The costs are adding up. When you look at opponents and they are concerned about the costs adding up, they are more concerned about how much pill testing is going to cost. Well, think about the hospitalisations, think about the ambulance call-outs, think about the mental health and wellbeing of the front line who have to deal with that instance.

How much is that costing? I know that some of my fellow crossbench colleagues have actually had the Parliamentary Budget Office look into these costings.

I guess what I really want to highlight, though, is that drug taking is not an unusual thing amongst our society. I have also consumed pills. I had my first pill when I was 19, and I was fortunate because I was surrounded by people who had experienced drug use before. They encouraged me to just have a small amount to start.

If I had not had that support there or that little bit of ‘This is how you do it’ information, who knows where I would have ended up. I am 42 now, and we always talk about back in our day what drugs were like then. But now there are so many new and emerging psychoactive substances, and they are presenting at these drug-checking services. These drug-checking service providers are saying, ‘We don’t know where they’re coming from.

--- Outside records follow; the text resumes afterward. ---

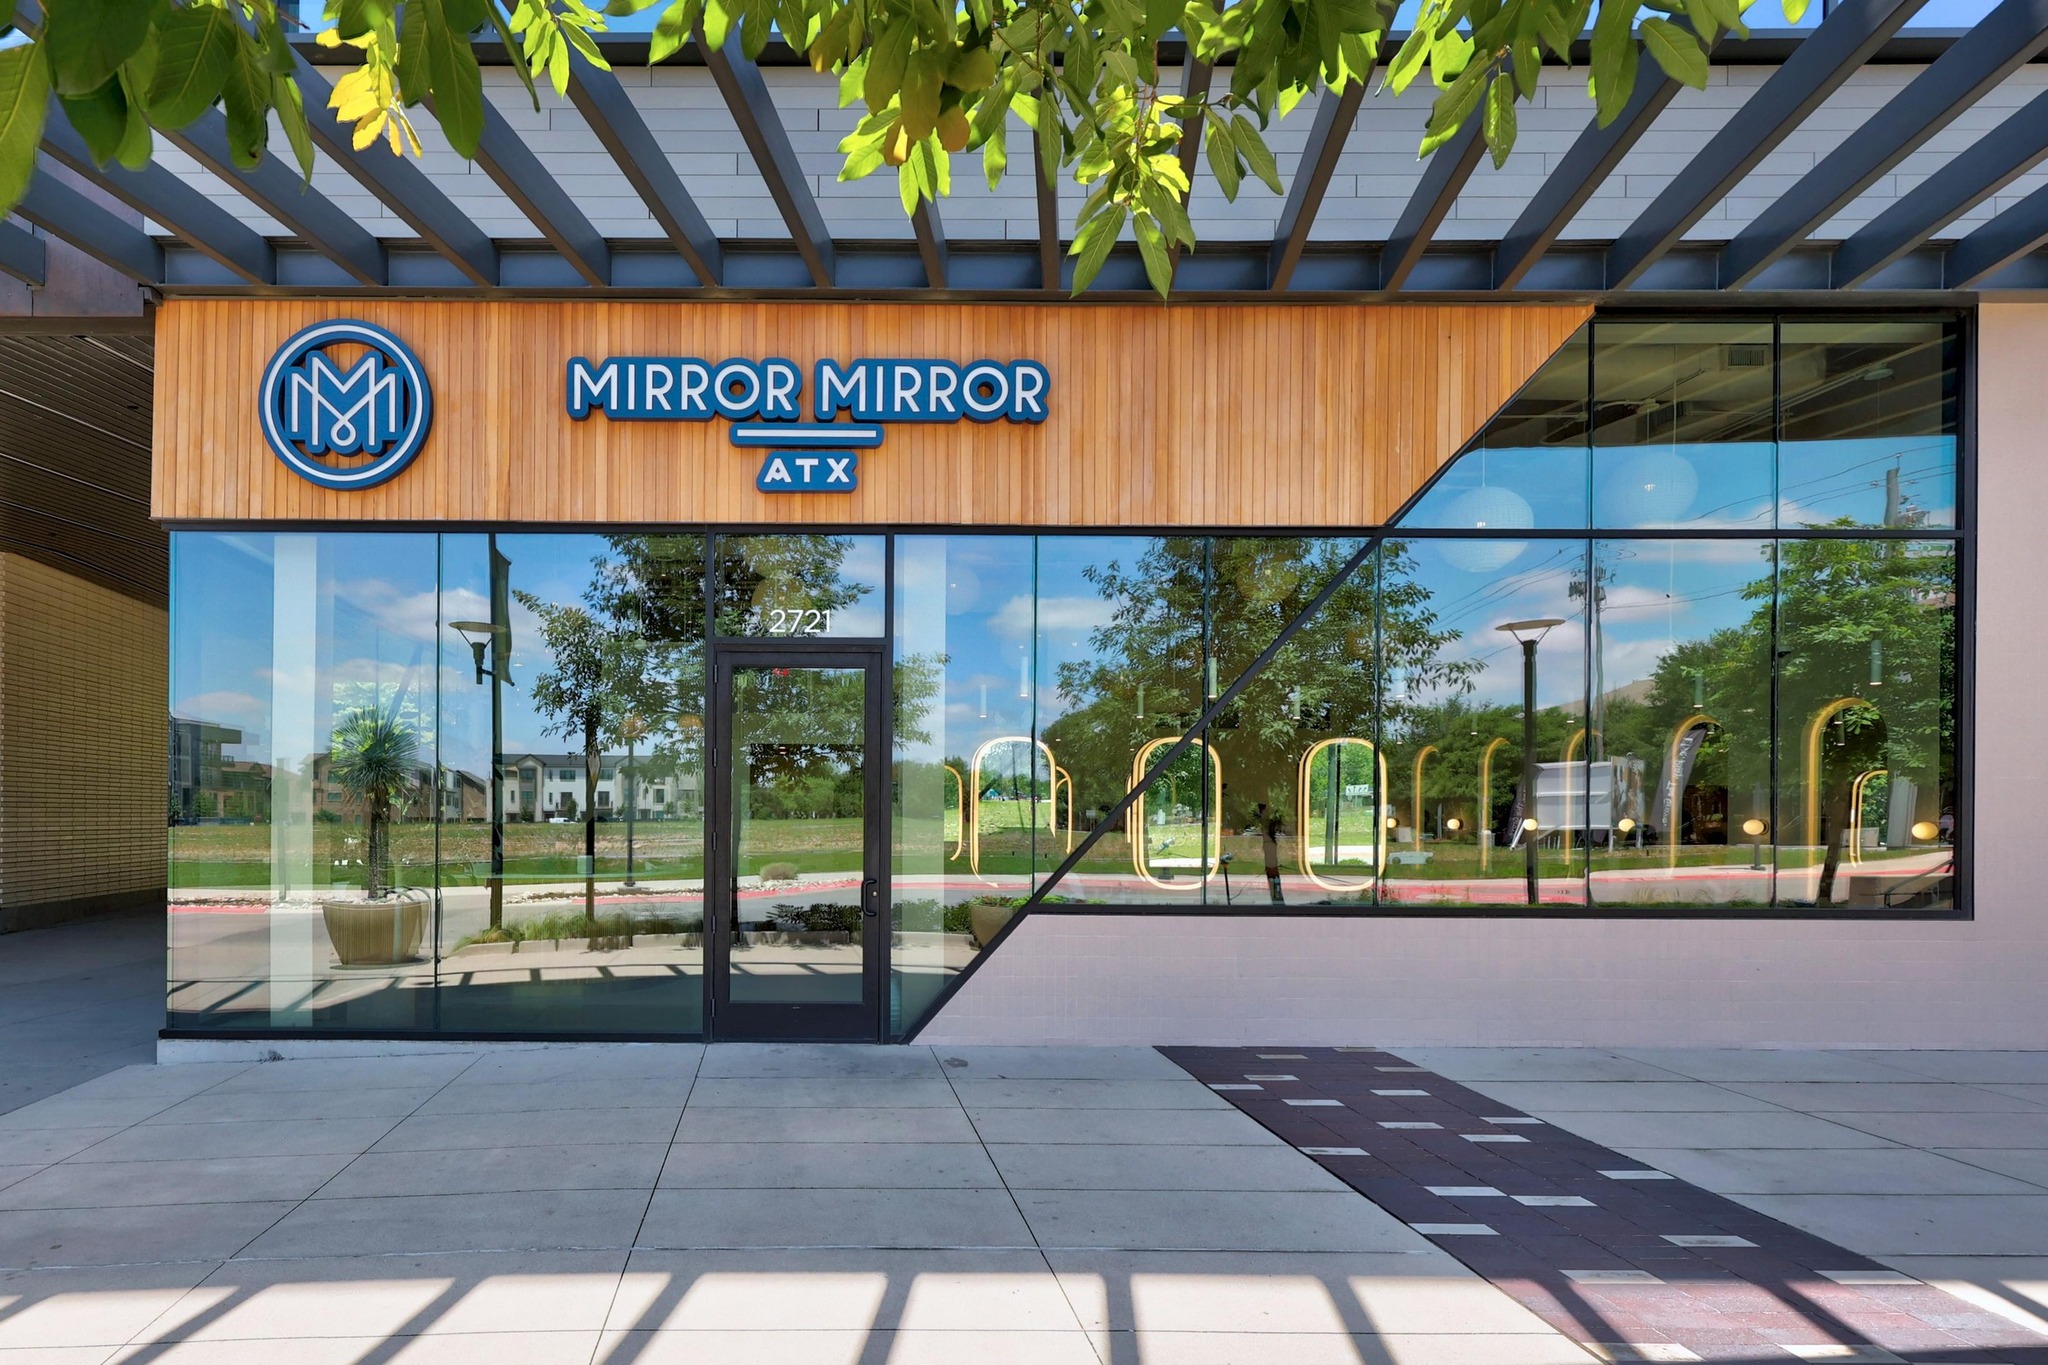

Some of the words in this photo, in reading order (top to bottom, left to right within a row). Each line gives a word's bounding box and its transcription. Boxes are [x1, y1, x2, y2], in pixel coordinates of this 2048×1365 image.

[573, 363, 795, 413] MIRROR
[821, 365, 1044, 414] MIRROR
[763, 458, 850, 483] ATX
[769, 609, 831, 633] 2721
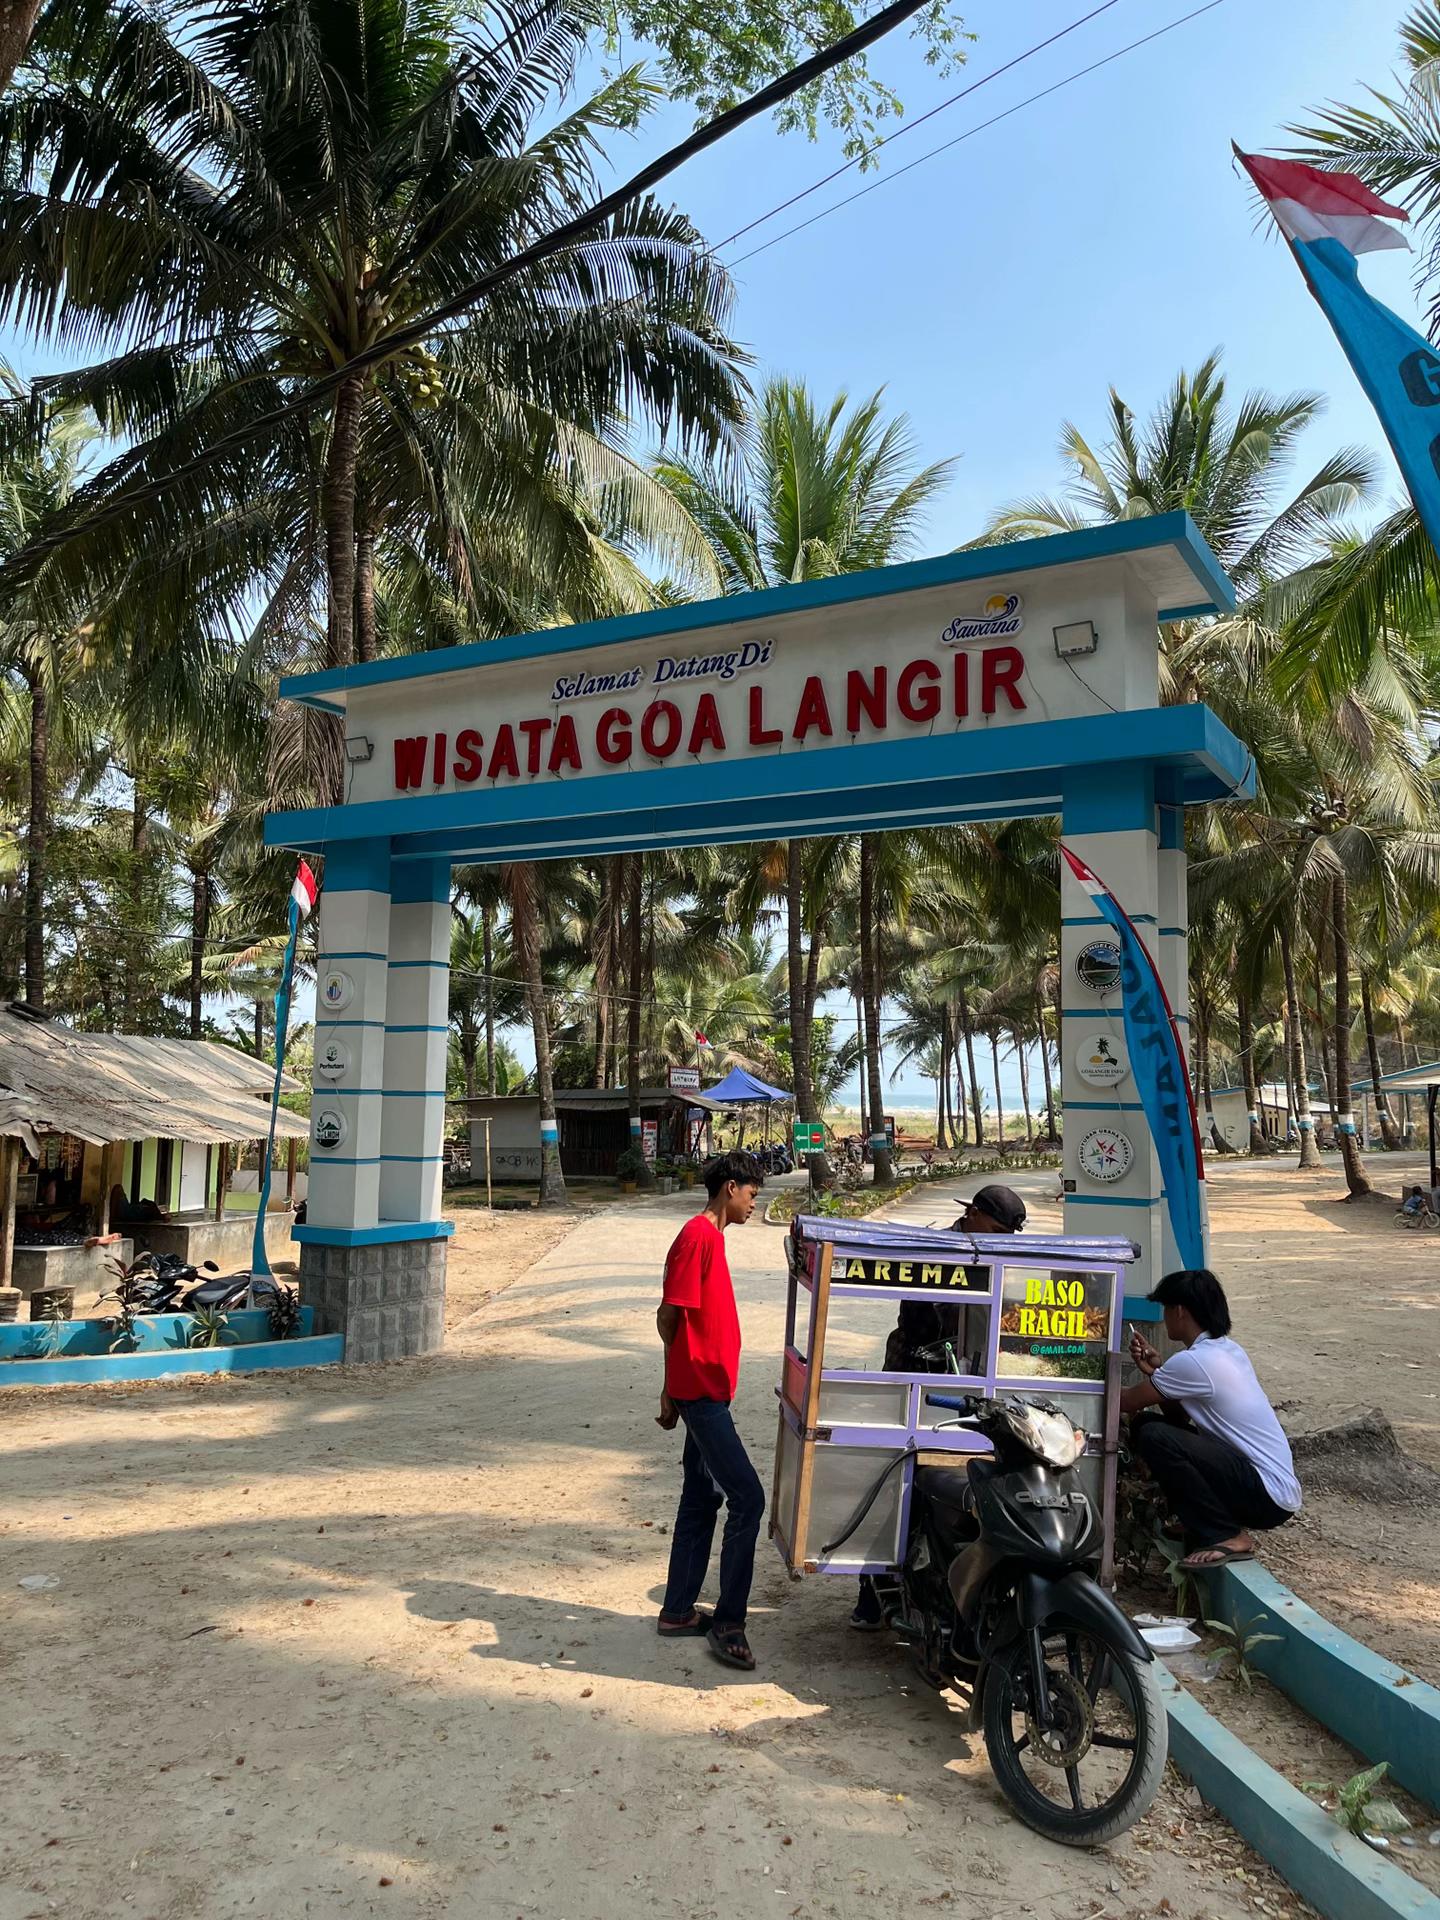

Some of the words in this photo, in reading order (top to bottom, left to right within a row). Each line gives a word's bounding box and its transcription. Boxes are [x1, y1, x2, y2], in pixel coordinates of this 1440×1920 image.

[942, 617, 1020, 641] Sawarna
[551, 667, 642, 700] Selamat
[394, 714, 582, 790] WISATA
[596, 693, 726, 764] GOA
[749, 646, 1027, 746] LANGIR
[846, 1259, 969, 1287] AREMA
[1024, 1278, 1084, 1307] BASO
[1019, 1308, 1088, 1338] RAGIL
[1030, 1343, 1086, 1355] @GMAIL.COM

We’re astounded at what is being created.’ Drugs are being sold as MDMA that are in fact dangerous doses of opioids. Drugs are two or three times stronger than they are reported to be, and these are the reports that we are hearing coming out of these drug service providers.

But the experts are actually offering a solution here, and Pill Testing Australia have publicly offered the Victorian government a free trial. They are ready to go. They have the staff, they have the resources, they have the specialist equipment and to alleviate any other concerns they have the insurance to facilitate a trial at a major music festival. They are ready to go, and I really do encourage the government to accept this offer as a way of just seeing how it goes.

Can we just trial it at one music festival, see how it goes and see what the outcome will be? I promise you that people will engage with that service provision if it is there, and this will not cost the government anything.

Just to conclude, I would like to say that drug-checking services are a no-brainer. The evidence is clear. Across different party lines we all agree that we need a harm minimisation approach, so I look forward to collaborating with you all on this.